La saleté et l'urbanisme menacent l'avenir de la ville sainte de Varanasi
18 janvier 2009 · Imprimer
New Delhi, 29 Jan 2007 -. Le incontrôlée des déchets et un plan d'aménagement controversé de menacer la ville sainte hindoue de Varanasi, où des millions de pèlerins prendre des bains dans le Gange tout en purifiant près de deux millions et demi de bouteilles vides remplissent les rues de déchets par an .
Selon EFE a rapporté le délégué de la ville de la Fondation nationale indienne pour l'art et du patrimoine culturel (INTACH, un acronyme en anglais), Navneet Raman, le fait qu'il n'existe pas de système adéquat de collecte des ordures a été en «danger «Le patrimoine monumental de la ville.
"Le manque d'installations ont conduit au problème des déchets est restée en suspens pendant les 20 dernières années, et qui est devenue une ville Bénarès vraiment sale», a déclaré Raman.
A Bénarès viennent chaque année un million de touristes étrangers et quatre millions d'Indiens, attirés par une atmosphère de spiritualité mystique et la possibilité de purifier leurs âmes avec des bains sacrés dans le Gange n'est pas toujours propre.

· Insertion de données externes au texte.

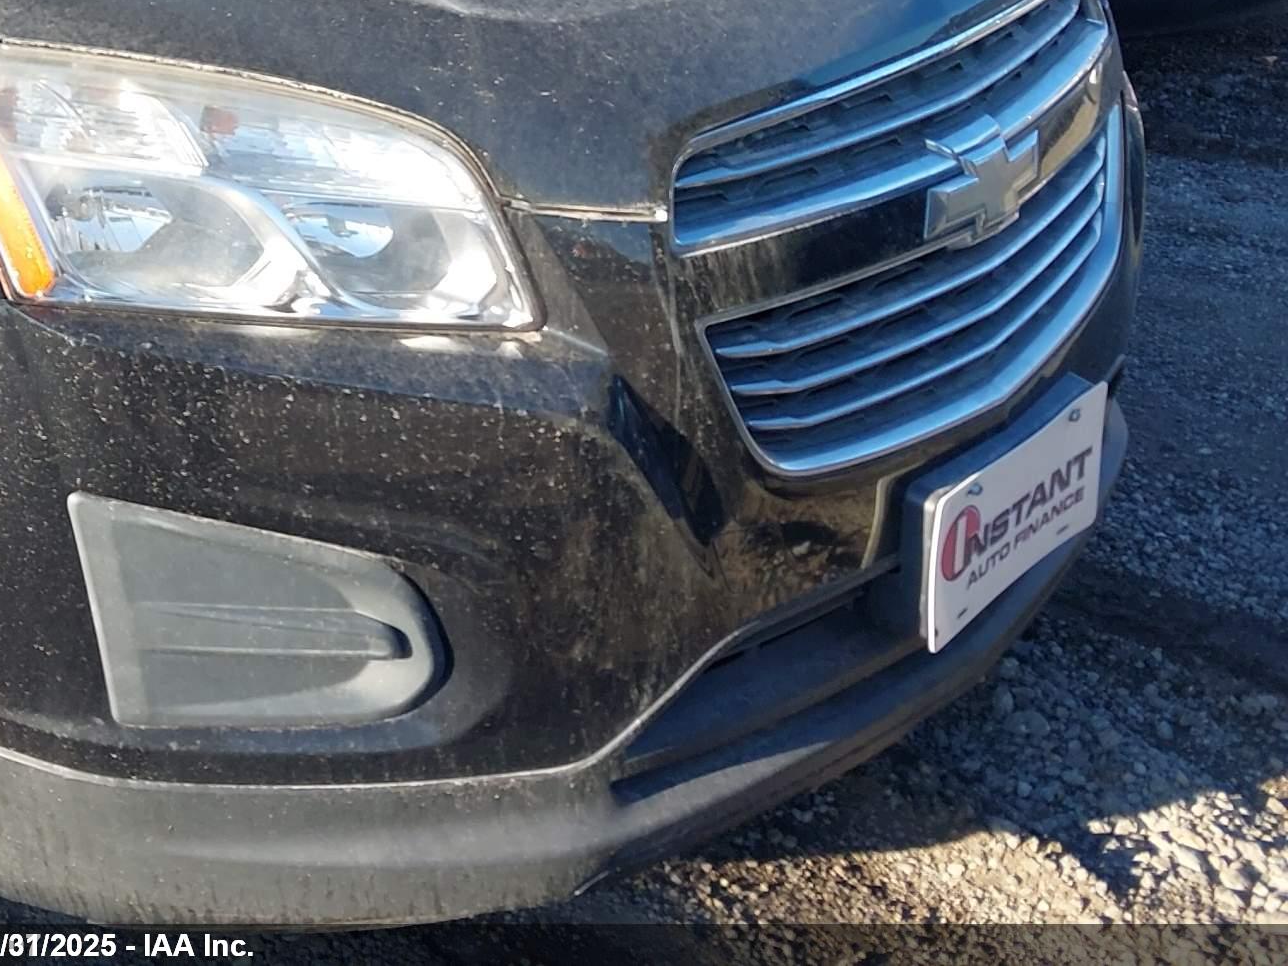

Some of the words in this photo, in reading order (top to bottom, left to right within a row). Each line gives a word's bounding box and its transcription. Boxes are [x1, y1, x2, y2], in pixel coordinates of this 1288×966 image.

[941, 446, 1093, 582] INSTANT
[966, 543, 1011, 590] AUTO
[1014, 486, 1085, 552] FINANCE

Mais l'agence IANS dit que l'Inde, l'afflux massif de visiteurs laisse derrière lui une traînée de bouteilles vides et des détritus que personne ne recueille, conduisant à un environnement de beauté pollution et la dégradation ascétique sale et un riche patrimoine culturel de Varanasi .

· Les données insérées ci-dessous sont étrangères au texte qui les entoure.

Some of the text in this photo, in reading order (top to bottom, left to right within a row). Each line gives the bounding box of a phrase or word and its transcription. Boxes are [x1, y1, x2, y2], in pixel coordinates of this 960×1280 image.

La ville, dit Raman, est l'un des 63 sites soumis à un plan de renouvellement urbain national, mais est à la fois parmi les dix villes dans lesquelles la détérioration du patrimoine «sérieusement préoccupés».
Dans ce contexte, un plan de développement parrainé par les autorités locales à embellir la ville a provoqué une vive controverse parce que, en tant que conservateurs »met en péril la succession."
"Centres de construction et les multiplexes dans des domaines traditionnellement signifiait peu plus embelli et mette en péril un patrimoine culturel de 600 ans," se plaint Raman aux médias.
Varanasi a une superficie de 49 kilomètres carrés et est victime d'un taux élevé de la pollution due en partie à des espaces verts ne représentent que trois pour cent de son sol, ce qui n'a pas été approuvé empêché de nouvelles colonies dans ces domaines.
Une autre source de la critique est la construction de ponts sur le Gange, parce Raman dit "la rivière devienne un obstacle à franchir," et aussi "les pèlerins de prendre des bains sacrés sera soumis à l'examen par les pilotes."
Au-delà des centres de ponts et de shopping, cependant, qui a suscité les conservateurs de l'INTACH devrait soulever des piles pour le transport fluvial dans les zones utilisées par les fidèles pour la baignade, des prières et des cérémonies funéraires .
Hindous affluent vers le Gange avec la conviction qu'une immersion dans le fleuve sacré lave les péchés, encouragés aussi par la libération précepte hindou du cycle de la renaissance des personnes tuées dans la ville sainte de Bénarès, où il ya des centaines de temples alignés le long de la rivière.
Beaucoup même sauvé sa vie avec un bol d'eau du Gange, suivant une tradition qui remonte au ciel les âmes de ceux qui prennent un verre d'eau bénite juste avant sa mort.
Ce qui est en question est de savoir si, en dehors de son effet purificateur, l'eau envoyée vers le ciel à ceux qui l'ingèrent en raison de la pollution, il est bien connu que les industries de fourrure de nombreux situé le long du fleuve détourné aux eaux résiduaires et des rejets de chrome et d'autres métaux.
Et, dans le Gange, le reste des organes de sépulture à incinération hindoue avec flotteur au-delà des temples que les pèlerins se baignent avec du savon, reste indifférent aux offrandes de fleurs et de nourriture des fidèles dans la rivière.
Maintenant, les membres de INTACH attendent la visite de l'UNESCO, du 11 Février afin de déterminer si Bénarès, pour certains de la ville plus ancienne colonie continue, a une chance de «purifier» leur patrimoine avec un bon plan d'assainissement.